What you have to do —
For this exercise, retype each line of the material below verbatim and omit any picture.

________

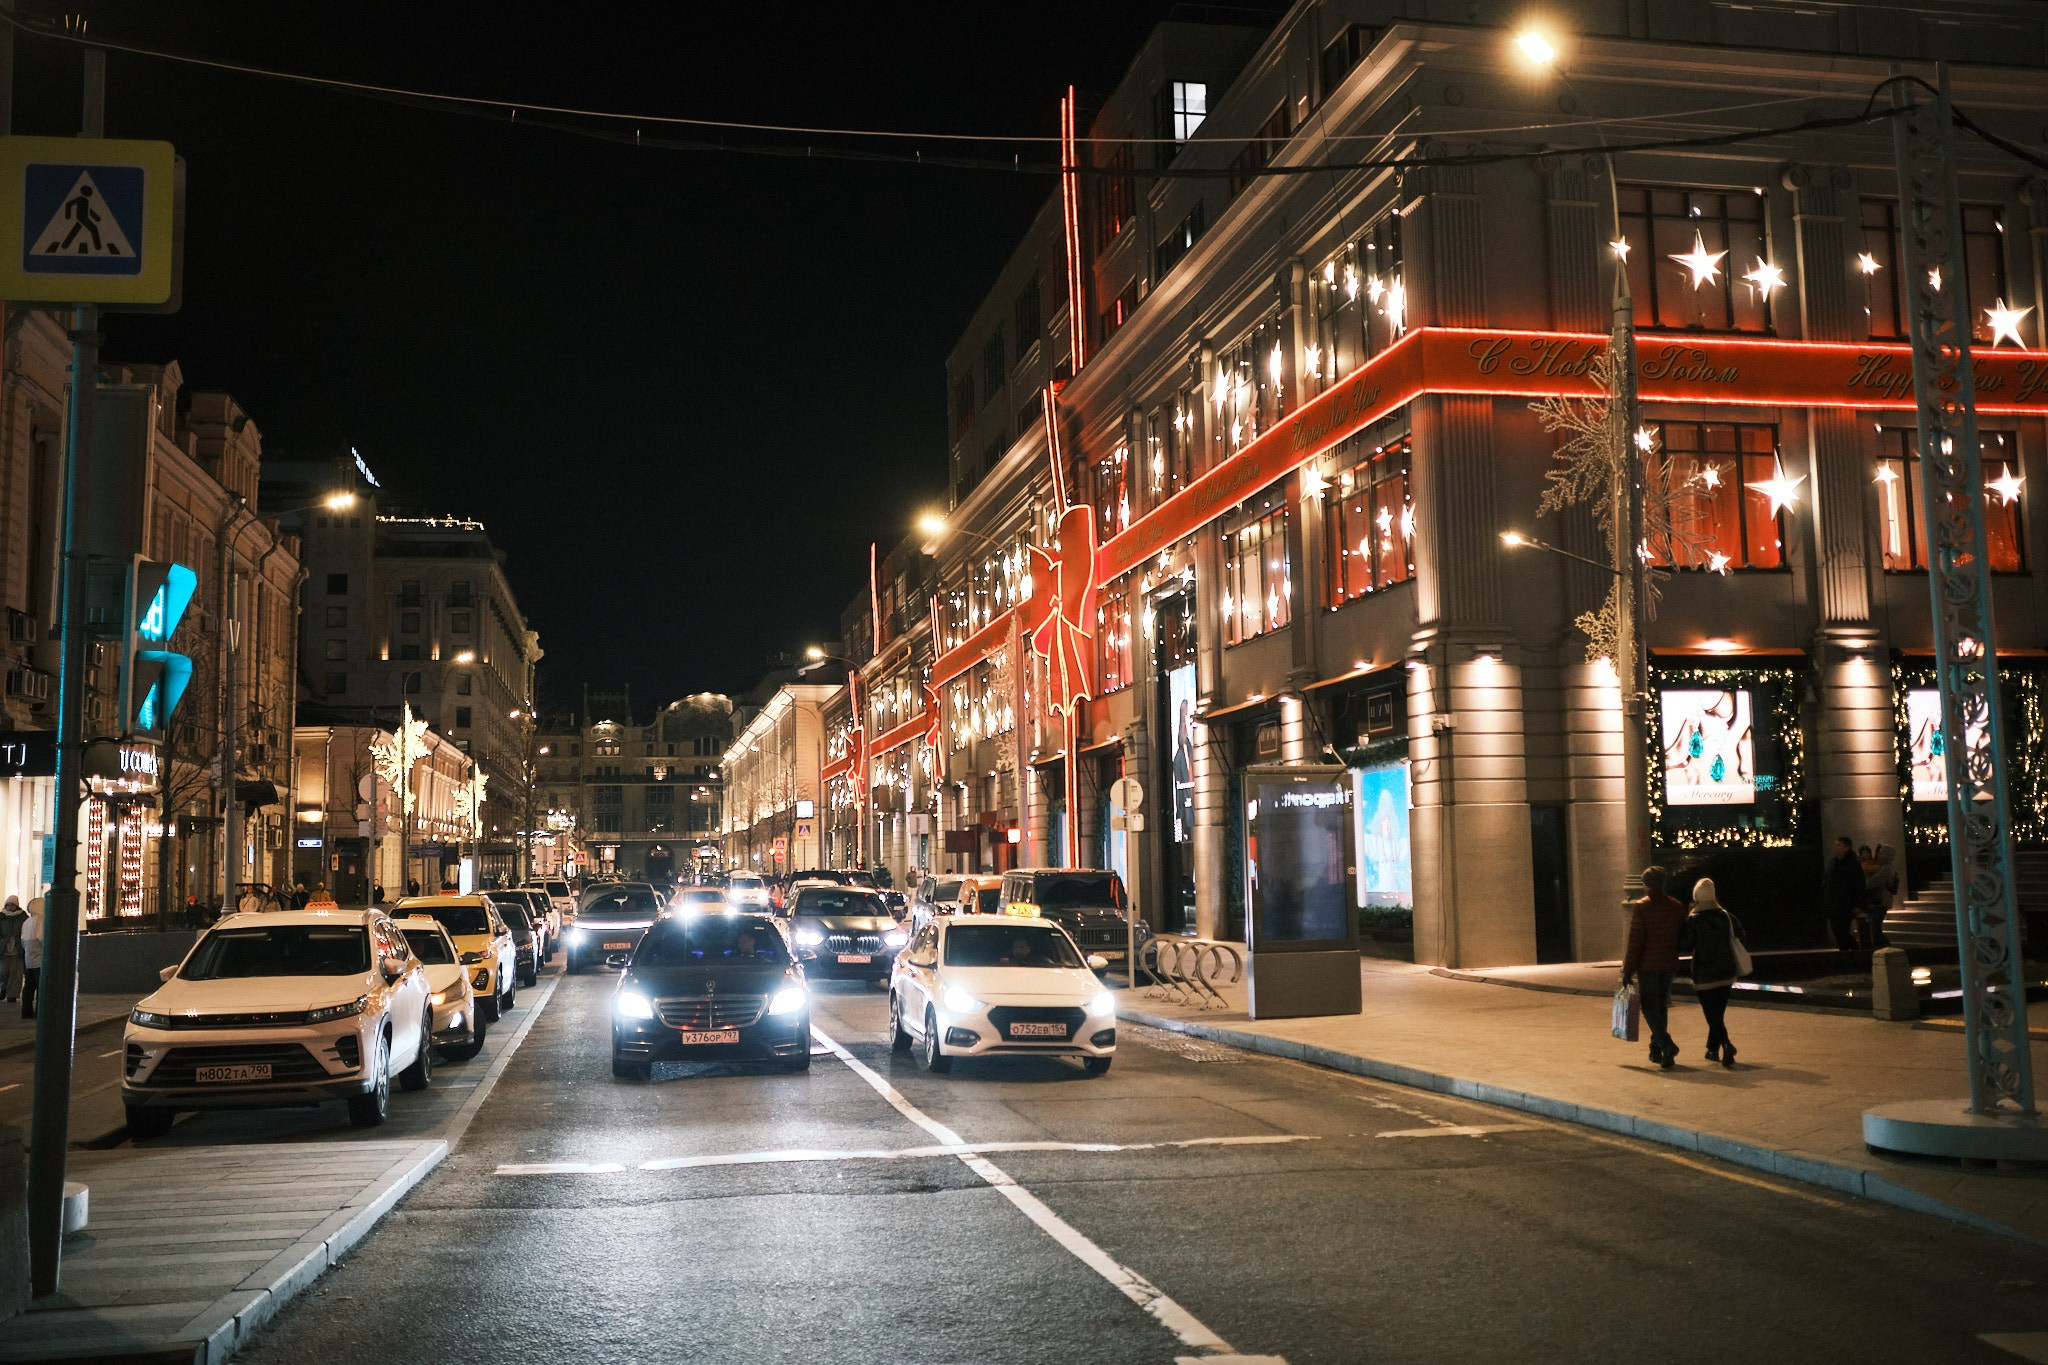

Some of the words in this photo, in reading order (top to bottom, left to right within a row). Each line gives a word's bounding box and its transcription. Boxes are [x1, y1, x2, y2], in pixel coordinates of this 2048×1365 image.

[1468, 337, 1512, 375] С
[1641, 344, 1741, 383] Годом
[1847, 352, 1913, 400] Happ
[1350, 374, 1381, 427] Year
[1, 743, 27, 767] TJ
[1684, 789, 1734, 802] Mercury
[199, 1067, 248, 1081] М802ТА
[250, 1065, 269, 1075] 790
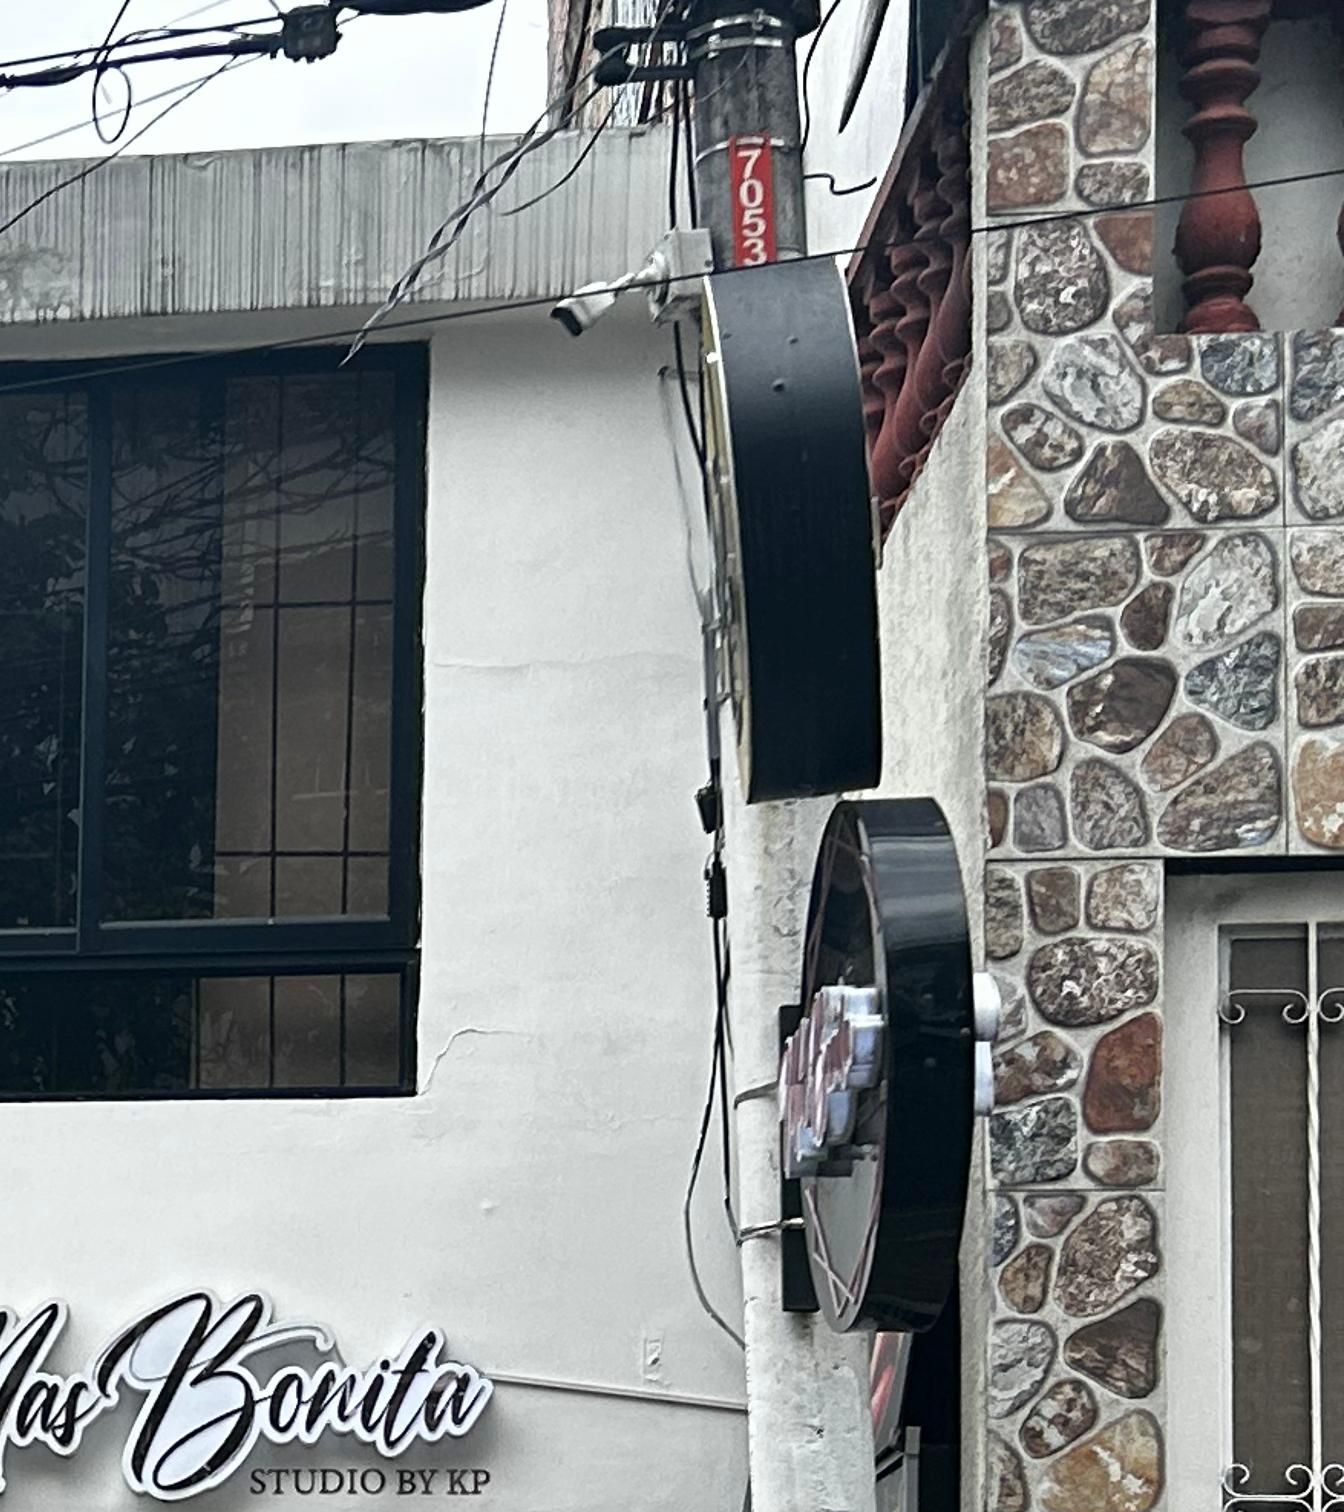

________

Solution for this task —
Some of the words in this photo, in reading order (top to bottom, left to right within a row). Each line gives a word's bounding box and its transcription. Boxes are [x1, y1, x2, y2], in pixel coordinates of this 2048×1365 image.

[1468, 337, 1512, 375] С
[1641, 344, 1741, 383] Годом
[1847, 352, 1913, 400] Happ
[1350, 374, 1381, 427] Year
[1, 743, 27, 767] TJ
[1684, 789, 1734, 802] Mercury
[199, 1067, 248, 1081] М802ТА
[250, 1065, 269, 1075] 790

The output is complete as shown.